Could you copy out all of the records below exactly, leaving out every picture?

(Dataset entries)

%%

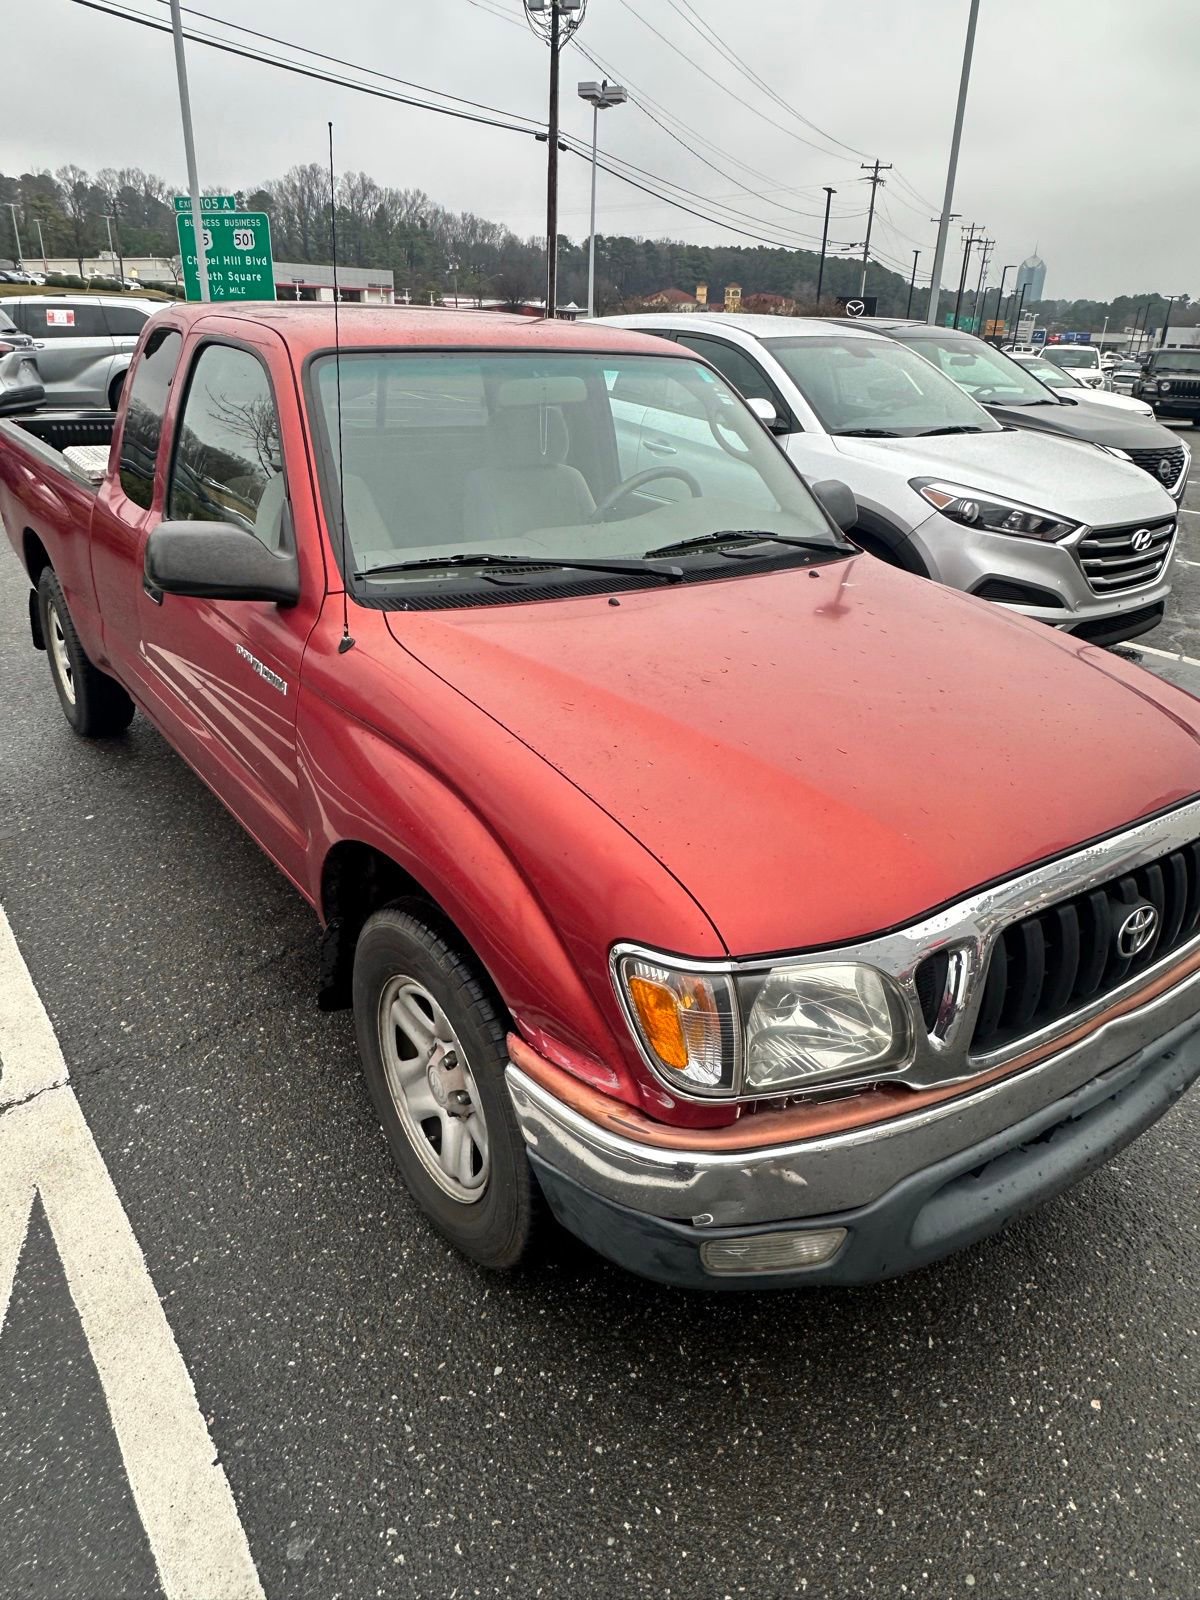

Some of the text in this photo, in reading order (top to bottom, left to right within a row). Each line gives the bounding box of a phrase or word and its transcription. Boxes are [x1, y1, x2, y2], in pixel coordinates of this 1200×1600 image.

[179, 198, 231, 209] EXI 105 A
[184, 219, 261, 227] BUNESS BUSINESS
[234, 233, 254, 246] 501
[186, 255, 267, 266] Chpel Hill Blvd
[195, 271, 262, 283] Suth Square
[229, 286, 246, 294] MILE

%%

Final answer:
Some of the text in this photo, in reading order (top to bottom, left to right within a row). Each line gives the bounding box of a phrase or word and its transcription. Boxes are [x1, y1, x2, y2], in pixel coordinates of this 1200×1600 image.

[179, 198, 231, 209] EXI 105 A
[184, 219, 261, 227] BUNESS BUSINESS
[234, 233, 254, 246] 501
[186, 255, 267, 266] Chpel Hill Blvd
[195, 271, 262, 283] Suth Square
[229, 286, 246, 294] MILE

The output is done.